The shuffling feet slipped along the corridor, and stopped outside my door (a nurse? someone sent by Vinner? such anxious thoughts would be inextinguishable until death, thanks to a survival reflex). This reminded me uselessly of the brevity of my reprieve. Strangely enough, this period of time under threat now seemed very long, almost infinite. Sufficient for telling the truth that needed no other addressee than you, one that would be told without my needing to argue a case, offer justification, convince. It was very simple, independent of words, of the time that was left for me to live, of what others might think of it. This truth corresponded to a saying I had heard long ago, whose haughty strength and humility had always appealed to me: "I have not been called upon to make you believe, but to tell you." I did not think this truth, I saw it.

I saw the soldier who had just fallen, a hand reaching out toward his smashed face. I saw him not at the moment of his death but in the early light of a morning that no longer belonged to his life but was still his life, the very sense of his life. I saw him sitting beside other soldiers on the benches of an army truck. Their eyes watched the road through the open tarpaulin at the rear. They were silent. Their faces were serious and as if illuminated by a great pain finally overcome. Their tunics, bleached by the sunlight, bore no decorations, but at chest height retained the darker traces left by medals that had been removed. The truck passed through the still-sleeping suburbs of a great city, stopped in a street shrouded in half-light. The soldier jumped to the ground, saluted his comrades, followed them with his gaze as far as the corner. Adjusting the knapsack on his shoulder, he walked in through the entrance to a building.
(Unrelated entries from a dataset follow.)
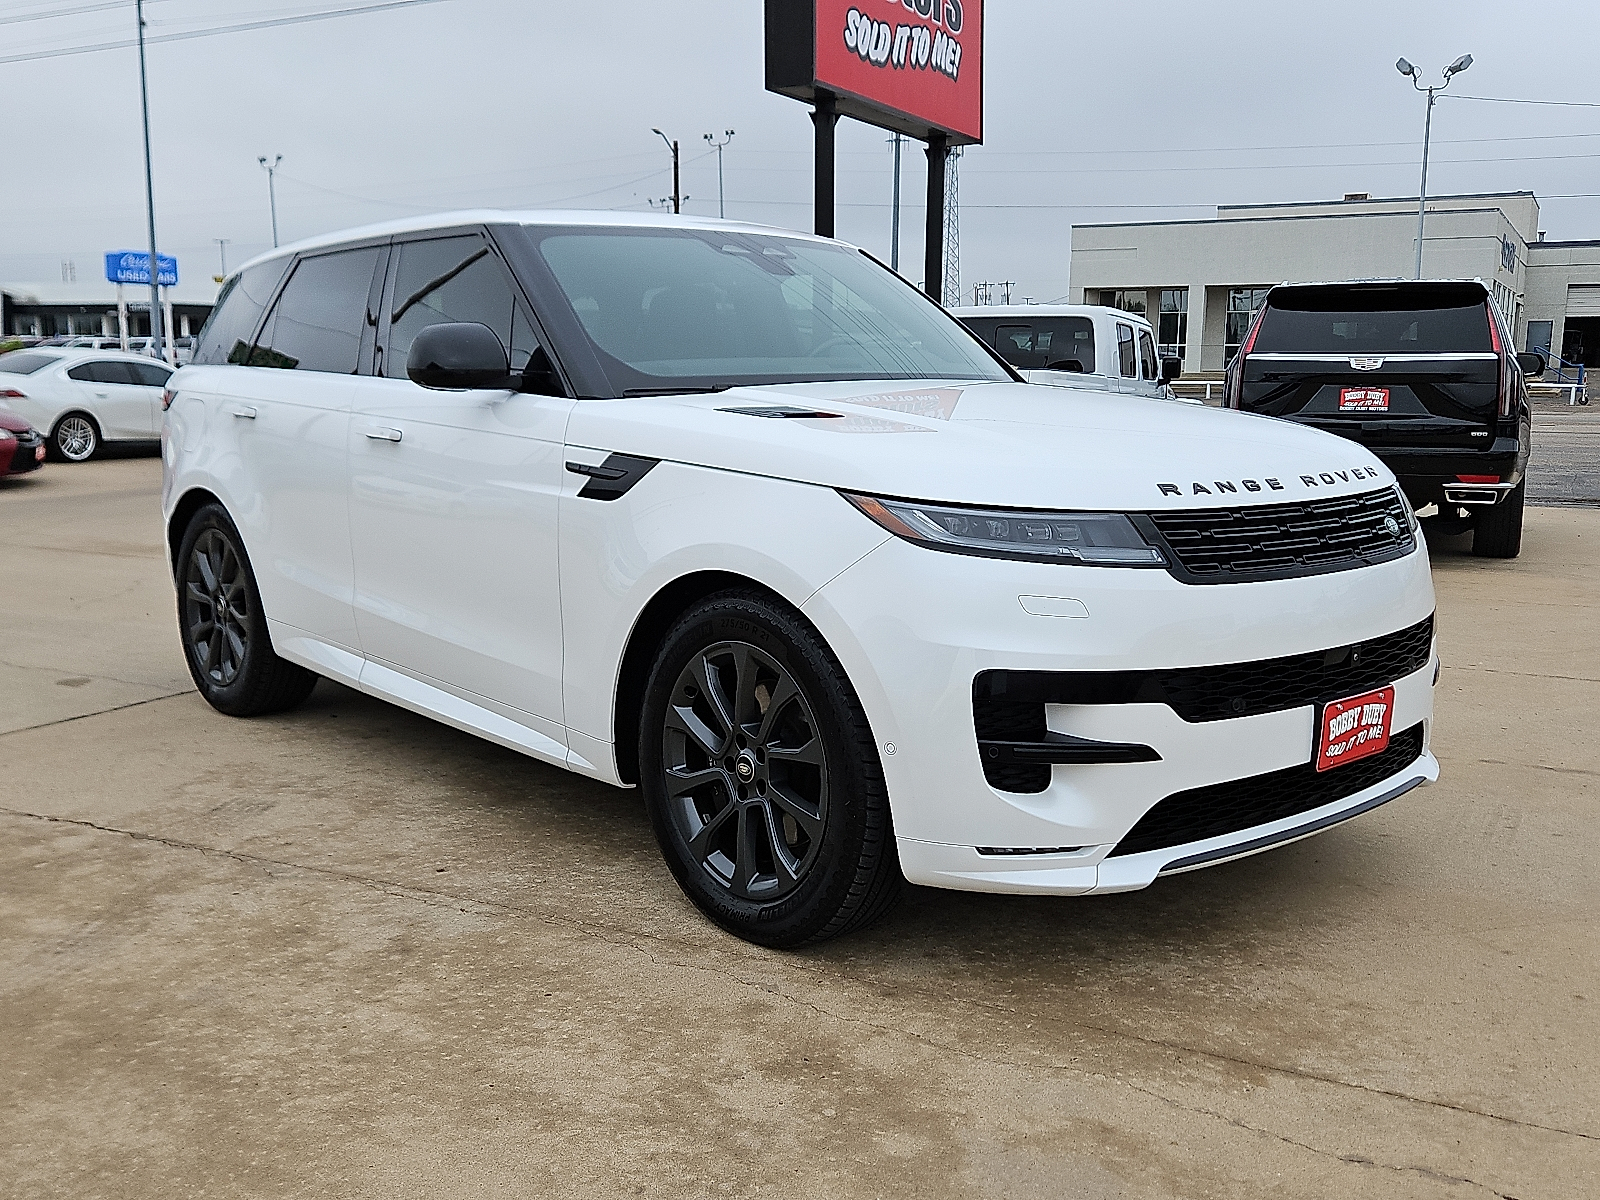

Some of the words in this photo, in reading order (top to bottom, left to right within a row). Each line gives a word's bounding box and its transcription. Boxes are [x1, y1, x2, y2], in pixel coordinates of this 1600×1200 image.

[844, 7, 892, 66] SOLD
[892, 24, 911, 69] IT
[910, 25, 932, 70] TO
[931, 28, 962, 81] ME!
[1156, 477, 1285, 497] RANGE
[1299, 465, 1379, 488] ROVER
[1328, 706, 1362, 741] BOBBY
[1361, 703, 1387, 726] DUBY
[1326, 741, 1347, 757] SOLD
[1346, 736, 1357, 751] IT
[1356, 729, 1368, 746] TO
[1367, 725, 1384, 741] ME!
[714, 902, 751, 923] PRIMACY
In the courtyard, in that stone well with echoing walls, he raised his head: a tree that seemed to be the only thing awake at the dawning of this day and, above its branches with their pale foliage, a window at which a lamp was shining.
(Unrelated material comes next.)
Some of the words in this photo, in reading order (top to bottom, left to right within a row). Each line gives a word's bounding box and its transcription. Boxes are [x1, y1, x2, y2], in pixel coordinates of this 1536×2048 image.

The truth of the soldier's return was undemonstrable, but for me it had the force of a life-and-death wager. If it made no sense nothing made sense any more.

I also saw, within me and very remote from me, the man and the woman standing motionless in the night on the bank of a watercourse. The outlines of the mountains were incised into the air's resonant transparency. The current of the stream carried the stars along, thrust them into the shadow of the rocks, into shelter from the waves. The man turned, looked for a long time at the half-open door of a wooden house, at the ruddy glow from a fire dying down between the heavy stones of the hearth and the tall, straight flame from the candle on a fragment of rock in the middle of the room.

It was not a memory or a moment lived through. I simply knew that one day it would be so, that it already was so, that this couple were already living in the silence of that night.

You know, I shall have to go soon. But before leaving I shall have enough time to tell you what is essential. The winter's day I can see, which one part of me is beginning to inhabit. A muted day, traversed by slowly eddying flakes. A time will come when everything is like that moment in winter. You will appear amid the snowbound sleep of the trees, on the shore of a frozen lake. And you will begin walking on the still-fragile ice; every step you take will be deep pain and joy for me. You will walk toward me, letting me recognize you at every step. As you draw closer you will show me, in the hollow of your hand, a fistful of berries, the very last of them, found beneath the snow. Bitter and frozen. The icy steps on the wooden stairway will give off a crunching sound that I have not heard for an eternity. In the house I shall remove the chain from the weight-driven clock so as to undo the knot. But we shall no longer have any need of its hours.